Yes. In short, tinySG is/has
- Cross platform: tinySG builds on Windows XP, Windows7, Linux and Irix,
32bit or 64bit.
- Quiet fast. Other scenegraphs like OpenSceneGraph
or sceniX are still a bit faster than tinySG on the majority of scenes, but
the gap is getting close and sometimes even in favour for tinySG.
- csgEdit2. Modify your scenes, add effects, tune render performance. This tool
works at the bloody guts of tinySG.
- SDK/Module interface. Write your own importers and exporters, renderers, optimizers,
or whatever you may have in mind.
- Build-in stereo support through Equalizer: Quad-buffered, passive or anaglyphic
is available without any code change.
- csgBatch optimiser. Use this plugin to csgEdit to reorder, tune and optimise
the scenegraph structure to achieve higher frame rates.
tinySG's basic architecture
tinySG follows a module approach and strictly separates libraries from
applications and rendering code from data processing code. It introduces
as little dependencies to external libraries as possible, keeping the
build system simple. In fact, the only required external libraries
are glew
and boost::smartptr.
In addition, the
build system may be configured to use boost::threads and
OpenMP to parallelise the render code
and some algorithms. Finally, libcsg will also dynamically bind the
devIL image library at runtime
if found in the applications directory.
At the very bottom of the dependency graph are OpenGL and the GL wrangler
library, managing OpenGL extensions. On top, libcsg is the core of tinySG,
as it provides the scenegraph nodes, all the OpenGL-based render code as well
as basic functionality like picking, selections, node conversions or
animations.
libcsg's companion library, libcsgu, is a collection of utilities, offering
geometric algorithms like Catmull/Clark or N-Patch surface subdivision, scene
tree transformations like flatten transform, generic traversers, shadow
generation and texture baking, half-edge topologies, generic threading and
thread pools and finally a complete X window interface supporting multipipe
operations and event handling on Linux and Irix.

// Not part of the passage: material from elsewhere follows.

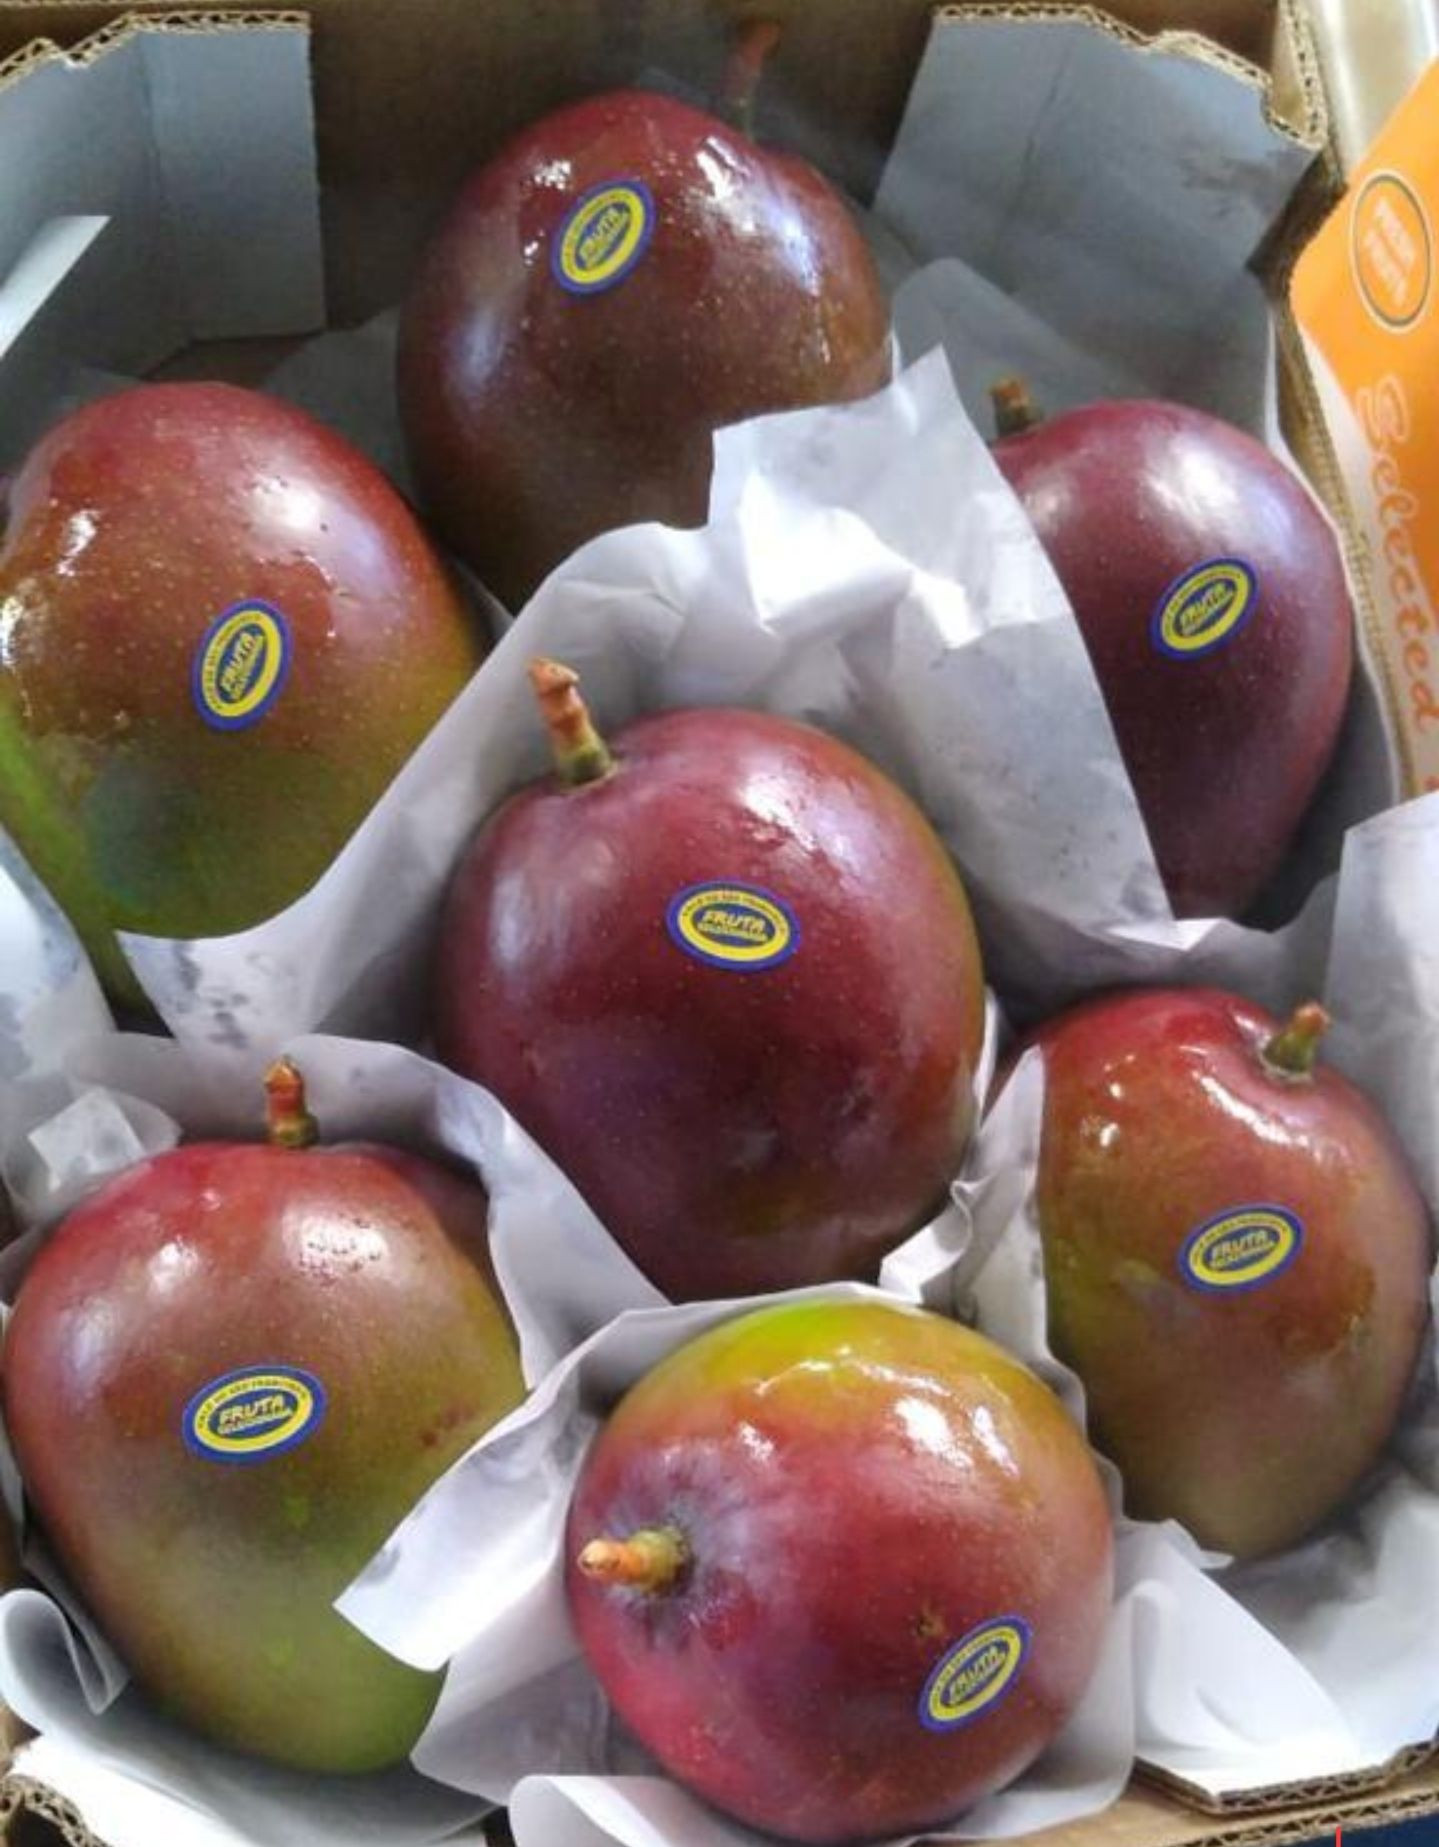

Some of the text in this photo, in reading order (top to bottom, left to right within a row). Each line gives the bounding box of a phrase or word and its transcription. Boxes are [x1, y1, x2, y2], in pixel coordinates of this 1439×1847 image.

[1356, 374, 1438, 735] Selected
[701, 910, 766, 934] FRUTA
[1211, 1230, 1268, 1262] FRUTA
[219, 1395, 285, 1427] FRUTA

A bunch of loaders is implemented in another set of shared libraries, namely
basic support for tinySG native (I/O), vrml (I), OpenInventor (I/O), 3Dmax object (I),
Lightwave object (I) and Stanford Ply (O).
Applications sitting on top of these libraries include tinySG's scene editor,
csgEdit, a thin scene viewer, csgView, a command line renderer
inspired by perfly, csgfly, a cluster version of csgfly based on
Equalizer, as well as some
demo applications like the
San Jose Ball Machine or tinyPresenter.
Last but not least, tinySG comes with an SDK as the foundation for a number of
plugins, most importantly:
- assimp: csgEdit dynamically binds a model
loader based on assimp
if present in the application directory. This provides import capabilities for over
30 different 3D file formats.
- netCDF: A plugin
to import netCDF data and process it for different render techniques, like mesh
representations, color-coded texture data or particles.

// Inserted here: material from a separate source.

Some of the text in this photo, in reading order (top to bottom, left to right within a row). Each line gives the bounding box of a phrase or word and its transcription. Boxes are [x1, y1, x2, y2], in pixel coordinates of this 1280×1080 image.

- Voxeliser: This plugin converts any scene into a
voxels, stored in a
3D texture. It is the foundation for other modules, like particle collision
detection or
computational fluid dynamics.
- crtPlugin: The interface to
libcrt, the raytracer library on top of libcsg.
This plugin is able to hijack csgEdit's viewer windows and replace their OpenGL
rendering with it's own raytracing algorithms.
- Python bindings: A swig-generated layer on the SDK allows to animate
scenes or automise tasks using Python scripts.
- batchPlugin: A plugin providing batch driven scene tree optimisations,
node conversions, normal calculation and restripping/remeshing. Multicore-capable.
- plyExporter: Exports tinySG scenes to Stanford ply format.